Auf ihren kleinen Pferdchen ritten sie also lustig vor das Haus des Mandoors. Fritz übergab seinen Brief, wurde auf das Freundlichste empfangen und musste, er mochte beteuern, wie er wollte, dass er erst vor etwa einer Stunde eine tüchtige Mahlzeit eingenommen hatte, sich nicht allein wieder an einen Tisch setzen, auf den ihm mehrere Mädchen eine förmliche Unmasse von Gerichten der verschiedenen Art auftrugen, sondern auch zulangen. Der Mandoor hörte nicht auf mit Nötigungen.
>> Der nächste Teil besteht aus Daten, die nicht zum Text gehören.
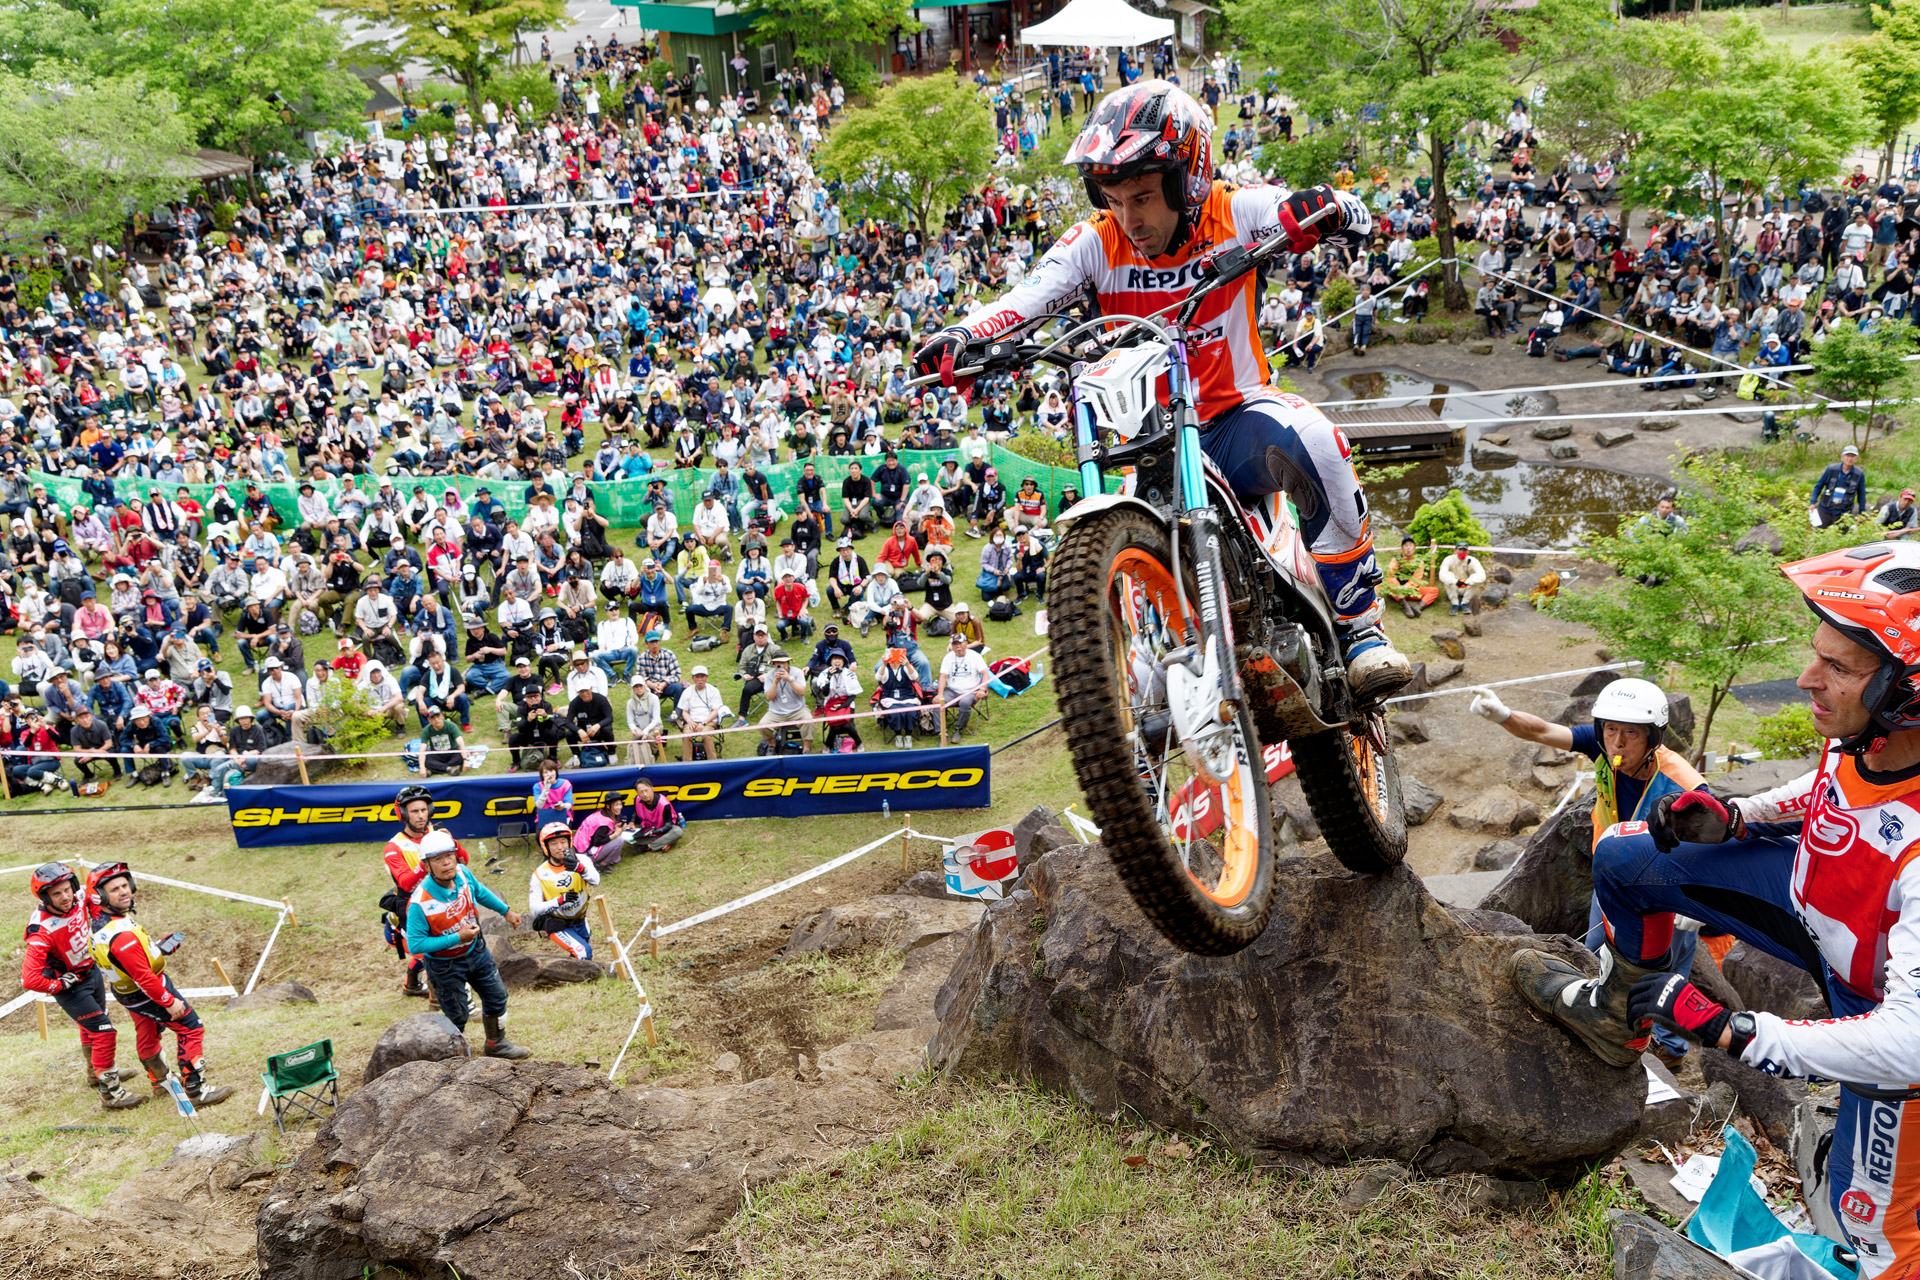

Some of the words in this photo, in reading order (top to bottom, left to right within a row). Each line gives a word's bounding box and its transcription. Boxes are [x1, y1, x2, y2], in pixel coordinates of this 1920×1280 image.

[1128, 260, 1205, 289] REPSO
[969, 309, 1027, 339] HONDA
[1817, 589, 1866, 600] hebo
[484, 782, 723, 816] SERCO
[743, 768, 985, 797] SHERCO
Der kleine Mann war so freundlich dabei, so zuvorkommend und machte stets ein so entsetzlich trauriges Gesicht, wenn Fritz eine der unzähligen Schüsseln, oder besser Tellerchen, zurückwies, dass dieser sich wohl oder übel den Magen überladen musste und nur auf einen Ritt nach Tisch hoffte, seinen Körper wieder ein wenig in Ordnung zu bringen.
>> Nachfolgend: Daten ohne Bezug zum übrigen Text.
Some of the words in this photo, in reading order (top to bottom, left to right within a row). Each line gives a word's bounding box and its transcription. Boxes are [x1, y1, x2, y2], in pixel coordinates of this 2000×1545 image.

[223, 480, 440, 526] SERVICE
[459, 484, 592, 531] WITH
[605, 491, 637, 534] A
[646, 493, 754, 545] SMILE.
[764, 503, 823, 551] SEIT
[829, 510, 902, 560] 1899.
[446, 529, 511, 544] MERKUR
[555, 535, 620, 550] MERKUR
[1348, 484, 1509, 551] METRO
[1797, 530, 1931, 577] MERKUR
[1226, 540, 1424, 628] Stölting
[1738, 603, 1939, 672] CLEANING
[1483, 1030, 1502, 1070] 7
Sobald übrigens der Mandoor sah, dass er ordentlich im Gange war, kauerte er sich neben ihm auf die Erde nieder und aß erst – auf der Erde – nachher von den Speisen, die Fritz übrig gelassen hatte. Es war dem jungen Mann dabei wirklich unheimlich, hier so ehrfurchtsvoll bedient zu werden. Unwillkürlich kam ihm oft der Gedanke, wie er, vor gar noch nicht sehr langer Zeit selbst ein Diener, an Bord des Piraten behandelt worden war. In Indien adelt aber die Farbe und wir in Europa dürfen das gerade nicht so entsetzlich sonderbar finden, denn gingen wir bei uns oft zu dem Quell dessen zurück, was einen Teil des Volkes vor dem anderen in den Staub wirft, so kämen dabei, wenn nicht gar noch wunderlichere, doch gewiss eben so wunderliche Dinge zum Vorschein.

Nach dem Essen, oder eigentlich schon während des Mahls, bekam er auch Kaffee. Aber dieser wurde hier auf andere Weise zubereitet, wie er es gewohnt war.

Eines der Mädchen schüttete nämlich einen Löffel voll gemahlenen Kaffee in seine Tasse und goss dann das kochende Wasser oben darauf. Es war ihm allerdings ein wenig unbequem, den Satz zwischen die Zähne zu bekommen, aber er hätte um die Welt nichts gesagt, denn sein gastfreier Wirt wäre imstande gewesen, den ganzen Kampong (Dorf) umzudrehen, eine andere Art aufzufinden, um ihn zufriedenzustellen.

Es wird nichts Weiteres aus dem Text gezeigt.